= Beginning of Section =
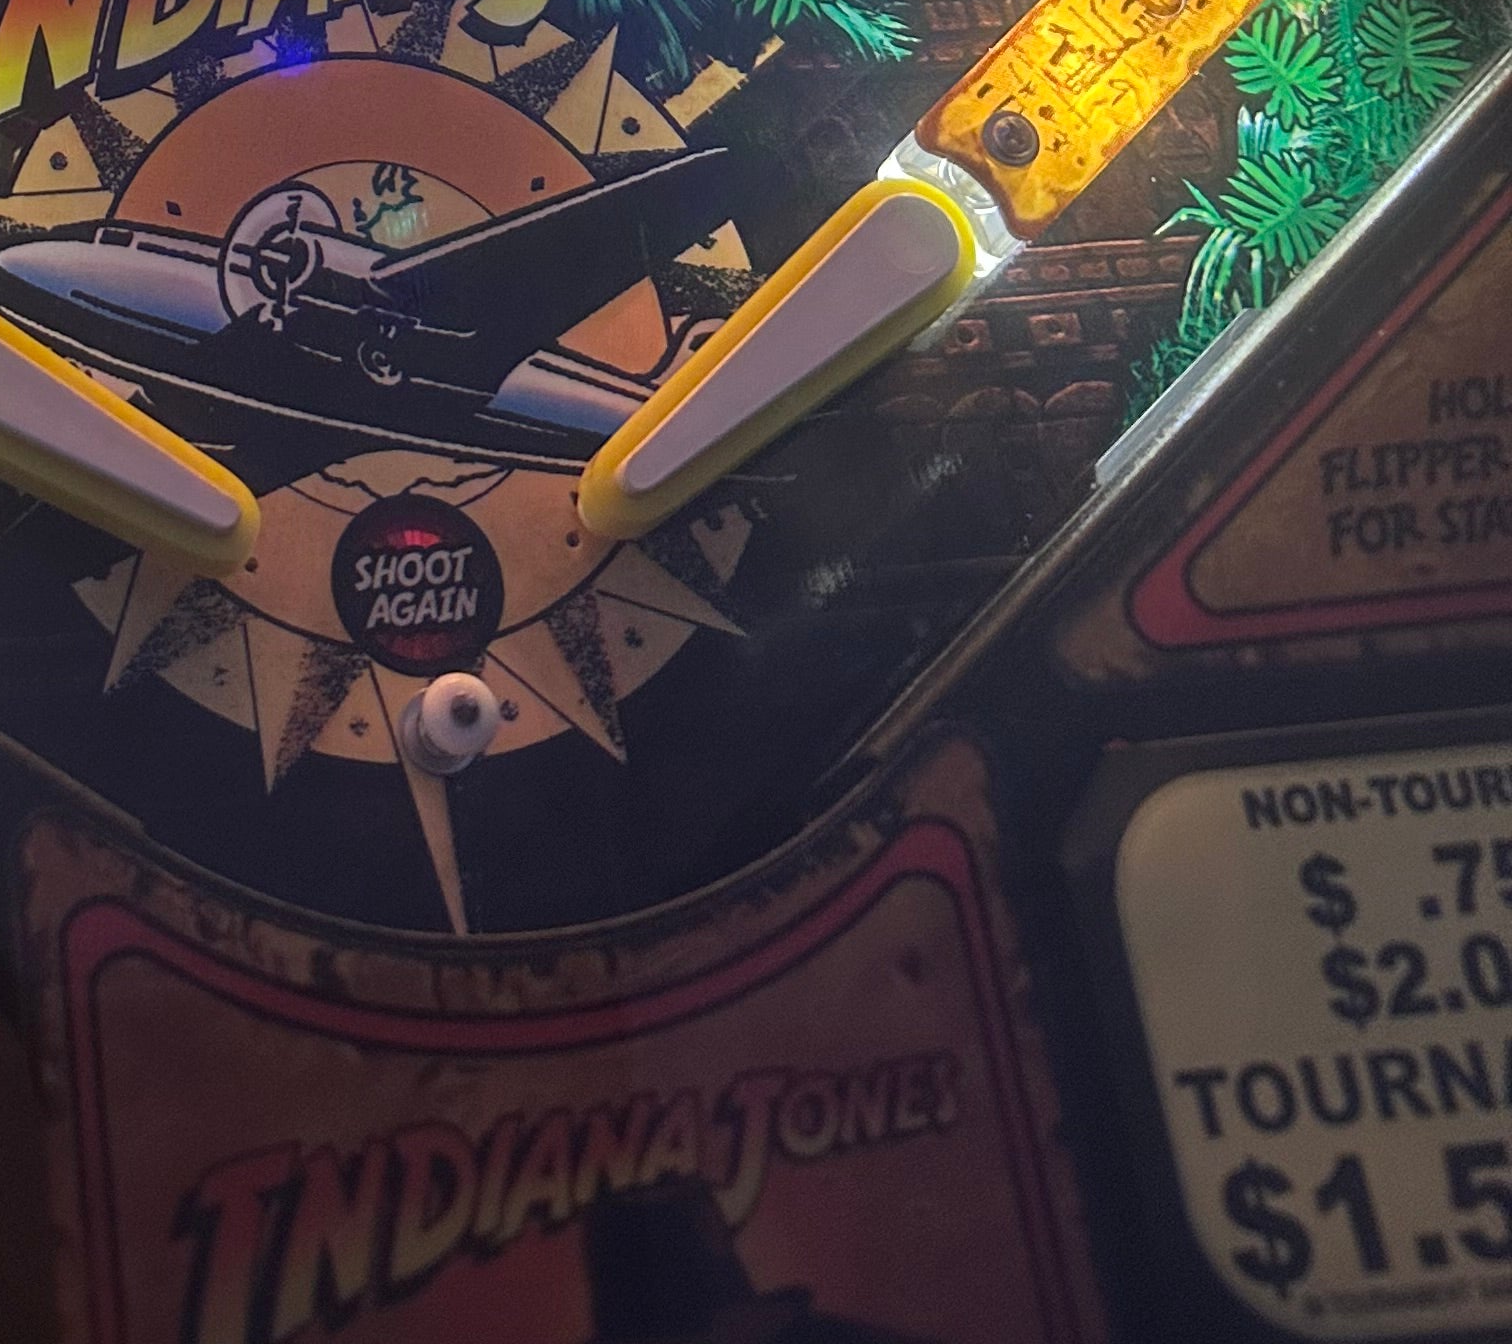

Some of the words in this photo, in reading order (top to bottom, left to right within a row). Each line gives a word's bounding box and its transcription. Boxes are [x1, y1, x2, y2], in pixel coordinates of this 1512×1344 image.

[1327, 500, 1426, 557] FOR
[354, 546, 473, 592] SHOOT
[366, 587, 479, 629] AGAIN
[1242, 766, 1512, 832] NON-TOUR
[1298, 850, 1358, 937] $
[1175, 1039, 1512, 1141] TOURN
[173, 1087, 716, 1344] INDIANA
[692, 1045, 964, 1233] JONES
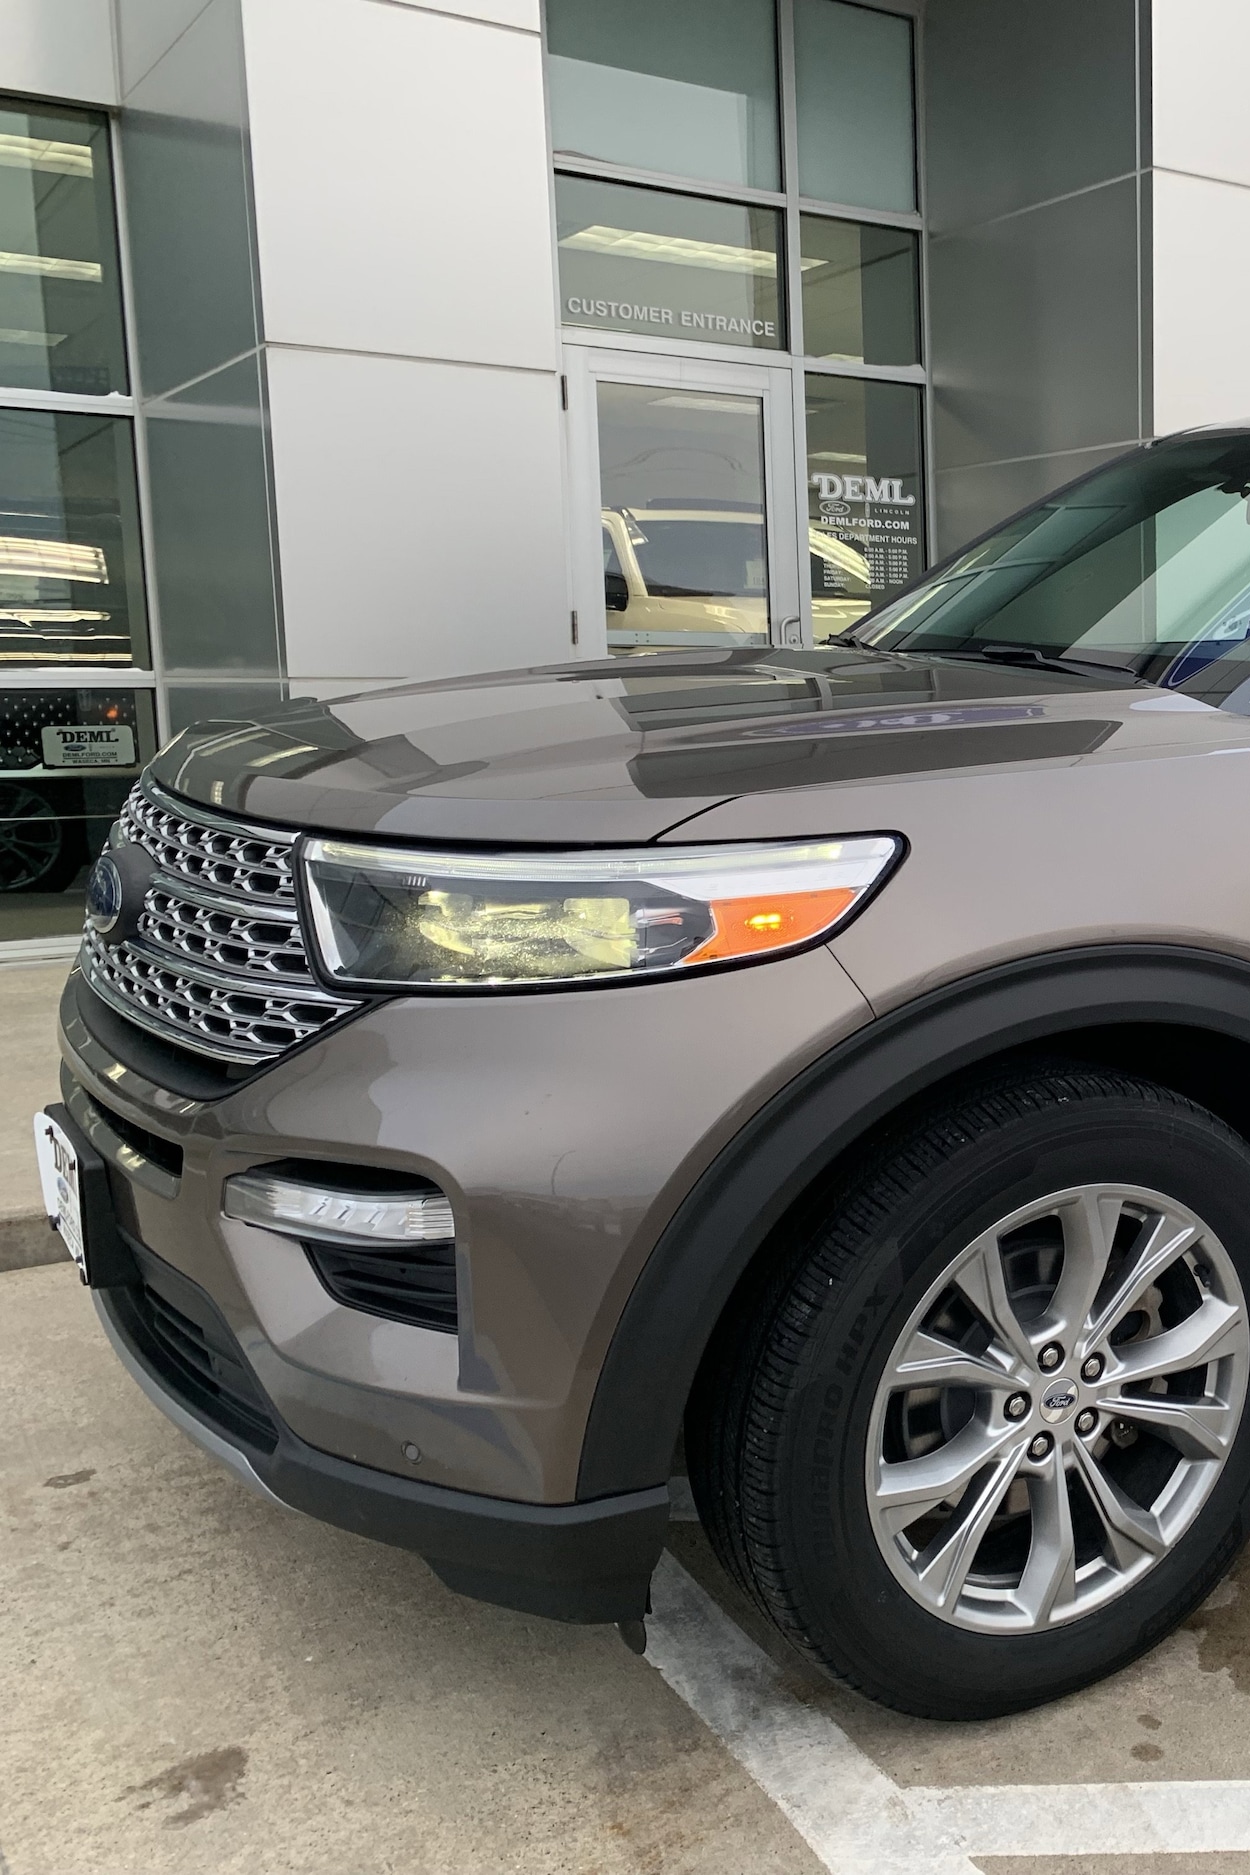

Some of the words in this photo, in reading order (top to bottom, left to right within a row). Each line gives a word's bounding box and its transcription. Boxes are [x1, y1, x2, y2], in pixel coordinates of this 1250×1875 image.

[567, 296, 673, 325] CUSTOMER
[681, 311, 776, 337] ENTRANCE
[811, 472, 916, 506] DEML
[874, 507, 911, 515] LINCOLN
[821, 516, 910, 530] DEMLFORD.COM
[838, 533, 890, 543] DEPARTMENT
[891, 535, 918, 545] HOURS
[56, 730, 119, 743] DEML
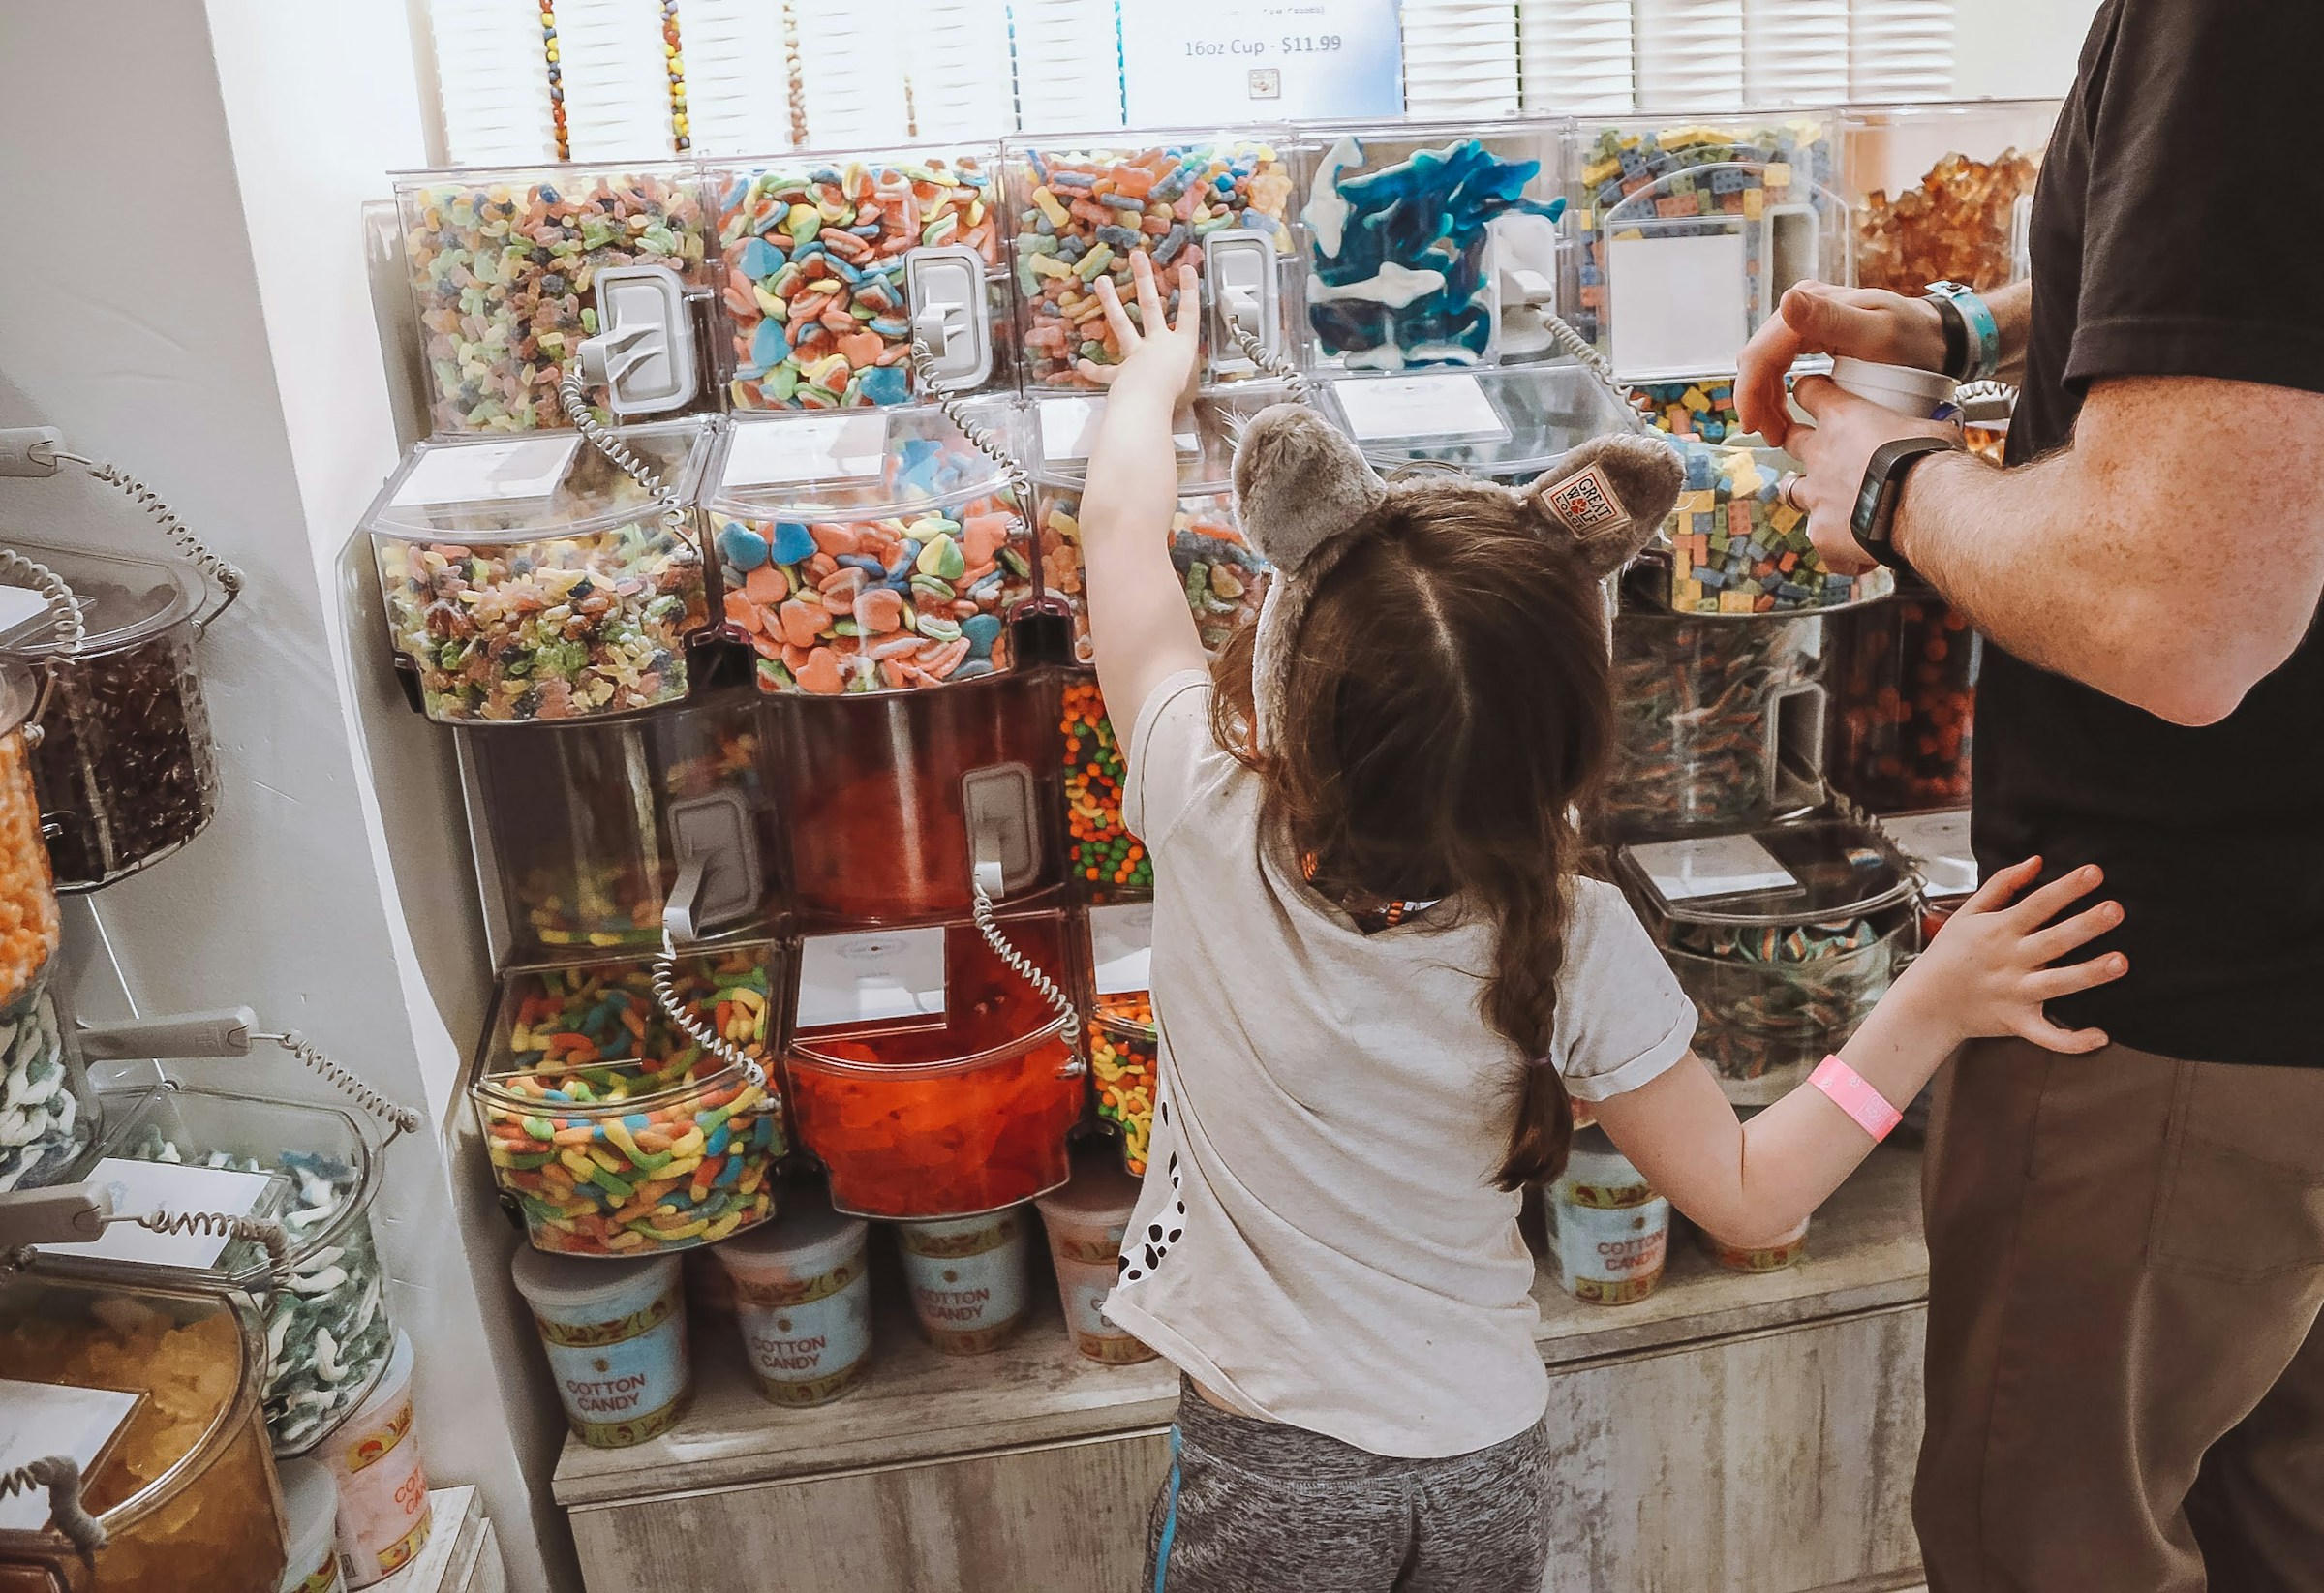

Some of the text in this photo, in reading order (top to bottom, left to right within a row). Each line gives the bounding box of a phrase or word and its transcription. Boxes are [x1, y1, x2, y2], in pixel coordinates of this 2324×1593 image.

[1184, 41, 1225, 56] 16oz
[1231, 38, 1265, 57] Cup
[1282, 35, 1342, 55] $11.99
[1578, 478, 1612, 518] GREAT
[751, 1335, 827, 1355] COTTON
[761, 1352, 821, 1370] CANDY
[566, 1372, 646, 1396] COTTON
[578, 1391, 640, 1412] CANDY
= End of Section =
§ YOUR TASK
What you return should match the records above word for word, minus the pictures.

§ TASK ANSWER
Some of the words in this photo, in reading order (top to bottom, left to right within a row). Each line gives a word's bounding box and its transcription. Boxes are [x1, y1, x2, y2], in pixel coordinates of this 1512×1344 image.

[1327, 500, 1426, 557] FOR
[354, 546, 473, 592] SHOOT
[366, 587, 479, 629] AGAIN
[1242, 766, 1512, 832] NON-TOUR
[1298, 850, 1358, 937] $
[1175, 1039, 1512, 1141] TOURN
[173, 1087, 716, 1344] INDIANA
[692, 1045, 964, 1233] JONES

Some of the words in this photo, in reading order (top to bottom, left to right within a row). Each line gives a word's bounding box and its transcription. Boxes are [x1, y1, x2, y2], in pixel coordinates of this 1250×1875 image.

[567, 296, 673, 325] CUSTOMER
[681, 311, 776, 337] ENTRANCE
[811, 472, 916, 506] DEML
[874, 507, 911, 515] LINCOLN
[821, 516, 910, 530] DEMLFORD.COM
[838, 533, 890, 543] DEPARTMENT
[891, 535, 918, 545] HOURS
[56, 730, 119, 743] DEML

Some of the text in this photo, in reading order (top to bottom, left to right within a row). Each line gives the bounding box of a phrase or word and its transcription. Boxes are [x1, y1, x2, y2], in pixel coordinates of this 2324×1593 image.

[1184, 41, 1225, 56] 16oz
[1231, 38, 1265, 57] Cup
[1282, 35, 1342, 55] $11.99
[1578, 478, 1612, 518] GREAT
[751, 1335, 827, 1355] COTTON
[761, 1352, 821, 1370] CANDY
[566, 1372, 646, 1396] COTTON
[578, 1391, 640, 1412] CANDY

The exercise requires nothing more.